• _EXERCISE GOAL_
Every record must be copied exactly, from first line to last.

___ SUPPLIED INFORMATION ___

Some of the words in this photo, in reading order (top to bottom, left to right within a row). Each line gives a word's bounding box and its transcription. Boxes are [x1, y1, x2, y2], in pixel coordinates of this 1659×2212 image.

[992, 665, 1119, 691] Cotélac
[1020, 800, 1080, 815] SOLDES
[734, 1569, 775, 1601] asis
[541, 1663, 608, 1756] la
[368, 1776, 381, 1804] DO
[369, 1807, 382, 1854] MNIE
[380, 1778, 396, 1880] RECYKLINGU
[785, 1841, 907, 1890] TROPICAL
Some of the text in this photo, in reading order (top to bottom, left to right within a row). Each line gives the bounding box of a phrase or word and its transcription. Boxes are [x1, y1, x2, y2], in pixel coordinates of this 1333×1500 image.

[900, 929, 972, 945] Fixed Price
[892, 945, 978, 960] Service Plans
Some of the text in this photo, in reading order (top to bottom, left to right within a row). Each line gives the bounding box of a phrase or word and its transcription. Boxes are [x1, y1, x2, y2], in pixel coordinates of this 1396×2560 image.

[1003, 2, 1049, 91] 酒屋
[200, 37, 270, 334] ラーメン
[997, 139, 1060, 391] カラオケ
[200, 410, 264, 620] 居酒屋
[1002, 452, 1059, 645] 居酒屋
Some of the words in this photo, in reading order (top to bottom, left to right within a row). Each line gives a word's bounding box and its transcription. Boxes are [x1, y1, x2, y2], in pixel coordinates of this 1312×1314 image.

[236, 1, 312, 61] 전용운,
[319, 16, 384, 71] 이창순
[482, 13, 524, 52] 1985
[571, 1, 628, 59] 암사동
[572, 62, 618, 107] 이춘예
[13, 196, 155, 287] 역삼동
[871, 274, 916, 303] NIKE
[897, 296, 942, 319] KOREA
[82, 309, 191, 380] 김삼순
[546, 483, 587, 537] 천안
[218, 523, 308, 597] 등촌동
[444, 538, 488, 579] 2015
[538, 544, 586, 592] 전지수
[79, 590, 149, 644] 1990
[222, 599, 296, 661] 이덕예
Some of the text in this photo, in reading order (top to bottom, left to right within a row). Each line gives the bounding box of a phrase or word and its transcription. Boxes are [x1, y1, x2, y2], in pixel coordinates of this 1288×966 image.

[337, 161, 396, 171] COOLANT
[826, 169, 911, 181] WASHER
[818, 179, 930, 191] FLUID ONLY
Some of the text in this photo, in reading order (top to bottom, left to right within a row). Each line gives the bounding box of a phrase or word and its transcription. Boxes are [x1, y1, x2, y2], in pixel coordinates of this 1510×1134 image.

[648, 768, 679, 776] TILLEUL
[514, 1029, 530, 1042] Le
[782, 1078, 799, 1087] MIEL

___

• _WRITTEN ANSWER_
Some of the words in this photo, in reading order (top to bottom, left to right within a row). Each line gives a word's bounding box and its transcription. Boxes are [x1, y1, x2, y2], in pixel coordinates of this 1659×2212 image.

[992, 665, 1119, 691] Cotélac
[1020, 800, 1080, 815] SOLDES
[734, 1569, 775, 1601] asis
[541, 1663, 608, 1756] la
[368, 1776, 381, 1804] DO
[369, 1807, 382, 1854] MNIE
[380, 1778, 396, 1880] RECYKLINGU
[785, 1841, 907, 1890] TROPICAL
Some of the text in this photo, in reading order (top to bottom, left to right within a row). Each line gives the bounding box of a phrase or word and its transcription. Boxes are [x1, y1, x2, y2], in pixel coordinates of this 1333×1500 image.

[900, 929, 972, 945] Fixed Price
[892, 945, 978, 960] Service Plans
Some of the text in this photo, in reading order (top to bottom, left to right within a row). Each line gives the bounding box of a phrase or word and its transcription. Boxes are [x1, y1, x2, y2], in pixel coordinates of this 1396×2560 image.

[1003, 2, 1049, 91] 酒屋
[200, 37, 270, 334] ラーメン
[997, 139, 1060, 391] カラオケ
[200, 410, 264, 620] 居酒屋
[1002, 452, 1059, 645] 居酒屋
Some of the words in this photo, in reading order (top to bottom, left to right within a row). Each line gives a word's bounding box and its transcription. Boxes are [x1, y1, x2, y2], in pixel coordinates of this 1312×1314 image.

[236, 1, 312, 61] 전용운,
[319, 16, 384, 71] 이창순
[482, 13, 524, 52] 1985
[571, 1, 628, 59] 암사동
[572, 62, 618, 107] 이춘예
[13, 196, 155, 287] 역삼동
[871, 274, 916, 303] NIKE
[897, 296, 942, 319] KOREA
[82, 309, 191, 380] 김삼순
[546, 483, 587, 537] 천안
[218, 523, 308, 597] 등촌동
[444, 538, 488, 579] 2015
[538, 544, 586, 592] 전지수
[79, 590, 149, 644] 1990
[222, 599, 296, 661] 이덕예
Some of the text in this photo, in reading order (top to bottom, left to right within a row). Each line gives the bounding box of a phrase or word and its transcription. Boxes are [x1, y1, x2, y2], in pixel coordinates of this 1288×966 image.

[337, 161, 396, 171] COOLANT
[826, 169, 911, 181] WASHER
[818, 179, 930, 191] FLUID ONLY
Some of the text in this photo, in reading order (top to bottom, left to right within a row). Each line gives the bounding box of a phrase or word and its transcription. Boxes are [x1, y1, x2, y2], in pixel coordinates of this 1510×1134 image.

[648, 768, 679, 776] TILLEUL
[514, 1029, 530, 1042] Le
[782, 1078, 799, 1087] MIEL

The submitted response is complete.